Japan Expo souffle ses 25 bougies à Villepinte devant plus de 200 000 visiteurs

La 25e édition de Japan Expo s’est tenue du 9 au 12 juillet au parc des expositions de Paris-Nord Villepinte, où les organisateurs attendaient plus de 200 000 visiteurs sur 154 000 mètres carrés. Un quart de siècle après une première édition confidentielle, le rendez-vous consacré à la culture japonaise figure désormais parmi les plus grands salons de France.

Derrière les allées remplies de cosplayeurs se lit une bascule culturelle. En 2000, le manga et l’animation japonaise restaient largement méconnus dans l’Hexagone. La France est aujourd’hui le deuxième marché mondial du manga derrière le Japon, un basculement que la presse professionnelle, dont Livres Hebdo, relie directement à la montée en puissance du salon.

D’un sous-sol d’école au troisième salon français

Le rendez-vous est né en 2000 dans les sous-sols de l’école d’informatique EPITA, au Kremlin-Bicêtre, à l’initiative de trois passionnés, Jean-François Dufour, Sandrine Dufour et Thomas Sirdey.
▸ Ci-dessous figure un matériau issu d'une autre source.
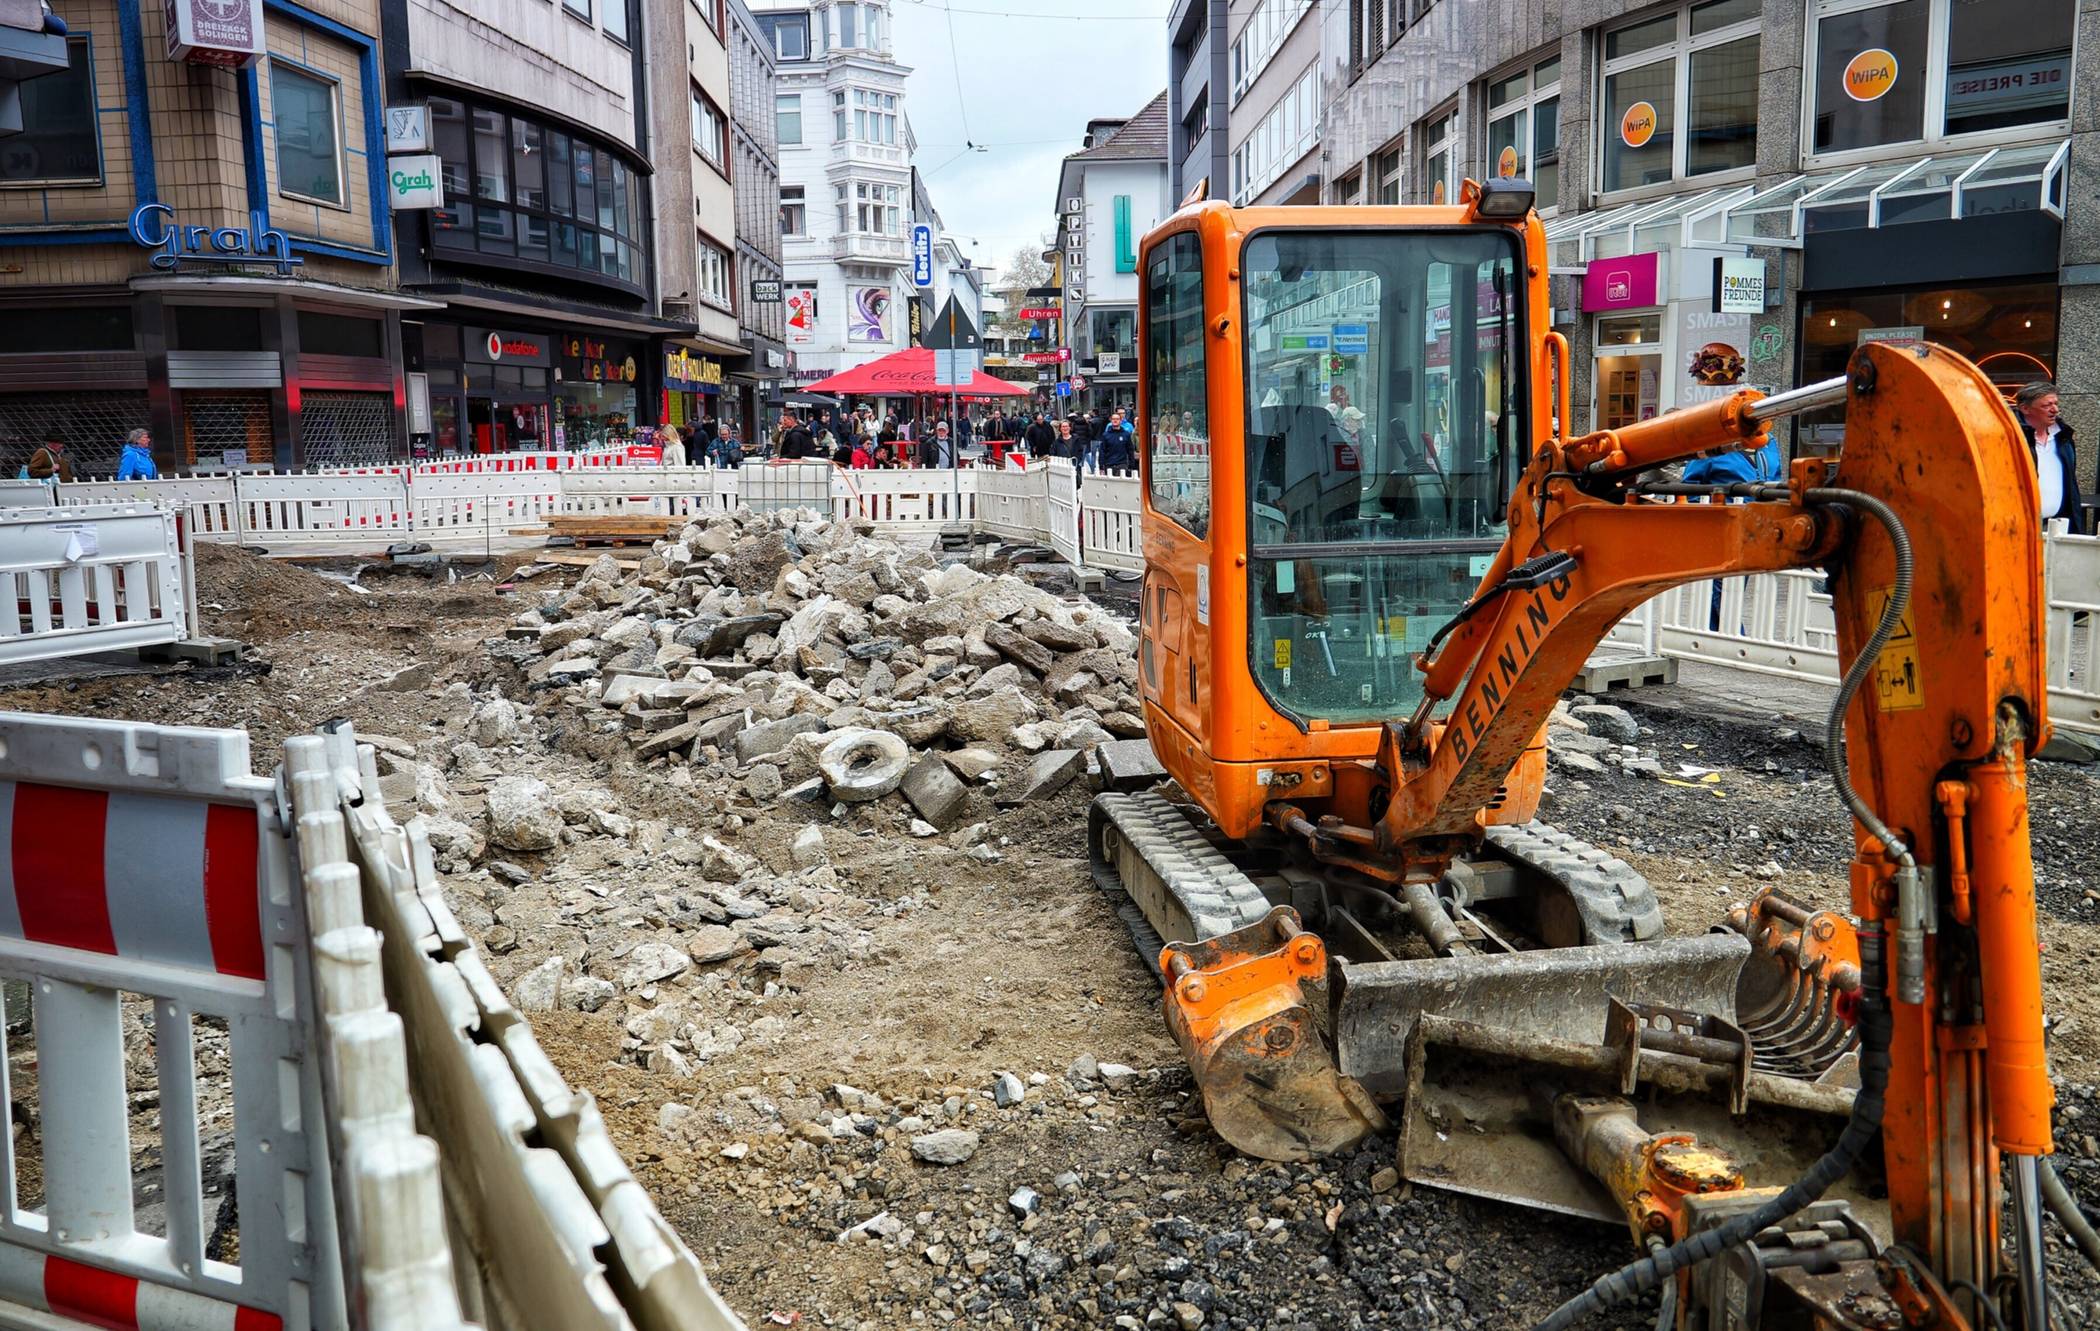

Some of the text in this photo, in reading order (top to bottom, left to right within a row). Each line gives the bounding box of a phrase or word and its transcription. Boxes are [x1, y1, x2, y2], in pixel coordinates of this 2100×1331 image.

[197, 21, 247, 34] DREIZACK
[198, 29, 248, 42] SOLINGEN
[392, 169, 434, 195] Grah
[128, 204, 304, 275] Grah
[915, 231, 929, 280] Berlitz
[756, 283, 778, 292] back
[1724, 289, 1762, 301] FREUNDE
[1028, 310, 1059, 318] Uhren
[502, 341, 540, 357] vodafone
La première édition avait réuni 3 200 curieux venus échanger des mangas et regarder des animés sur cassettes VHS, rappelle Europe 1 dans un retour sur cette trajectoire.
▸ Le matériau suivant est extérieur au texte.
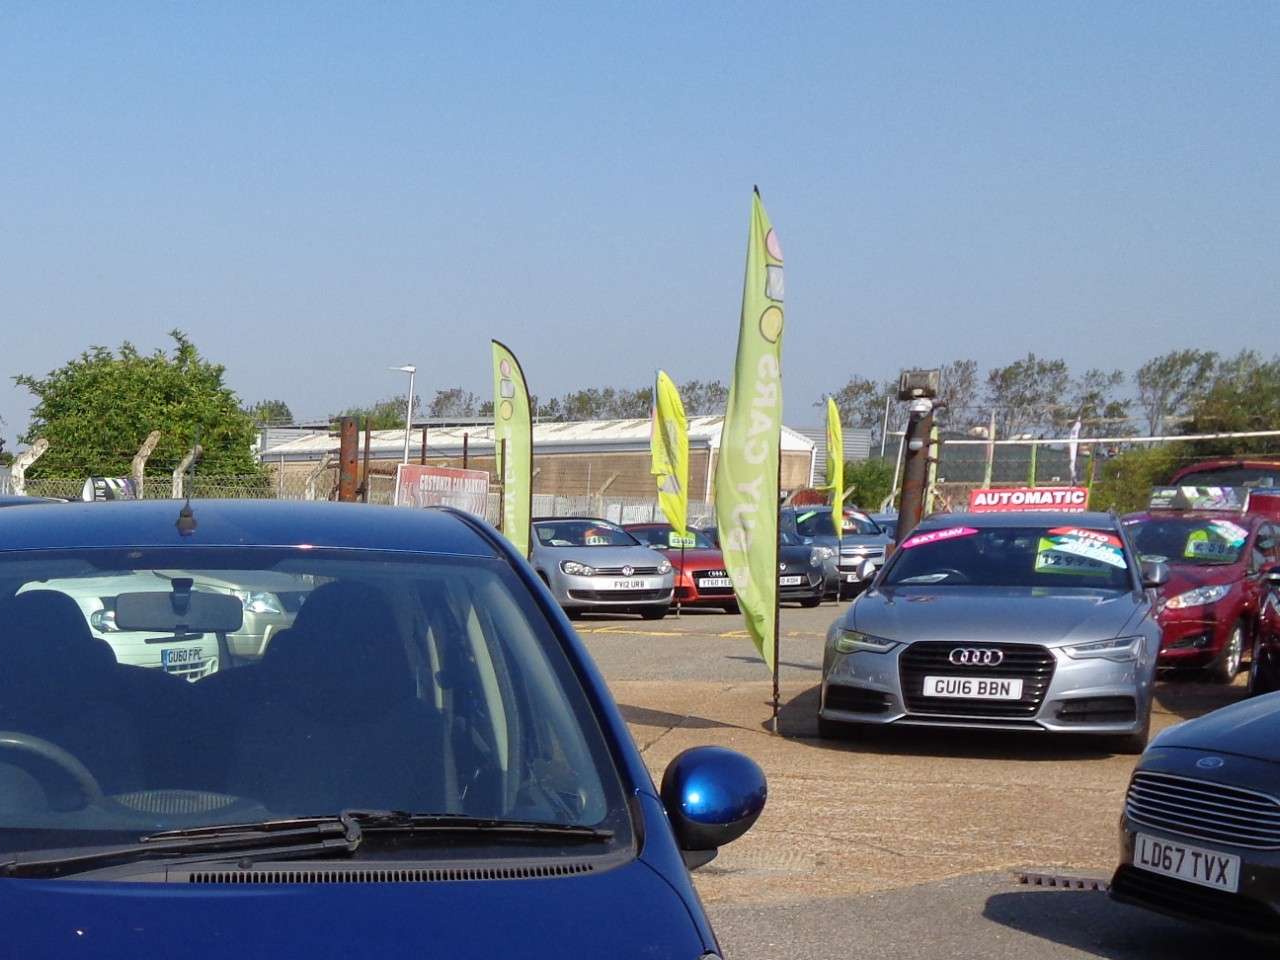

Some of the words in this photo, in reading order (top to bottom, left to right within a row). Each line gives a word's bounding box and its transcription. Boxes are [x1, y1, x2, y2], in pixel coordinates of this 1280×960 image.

Le cofondateur Thomas Sirdey décrit un événement pensé dès l’origine comme un lieu de rencontre entre tous les milieux sociaux, ouvert aussi bien aux visiteurs modestes qu’aisés. La fréquentation double lors des premières éditions et impose des déménagements successifs, d’Austerlitz à Champerret puis à La Défense.

Un épisode de saturation en 2004, lorsque des centaines de personnes n’avaient pu entrer faute de place, pousse les organisateurs à revoir leur modèle. Après une année d’interruption, le salon s’installe à Villepinte, un pari jugé risqué à l’époque selon le récit livré par ses fondateurs.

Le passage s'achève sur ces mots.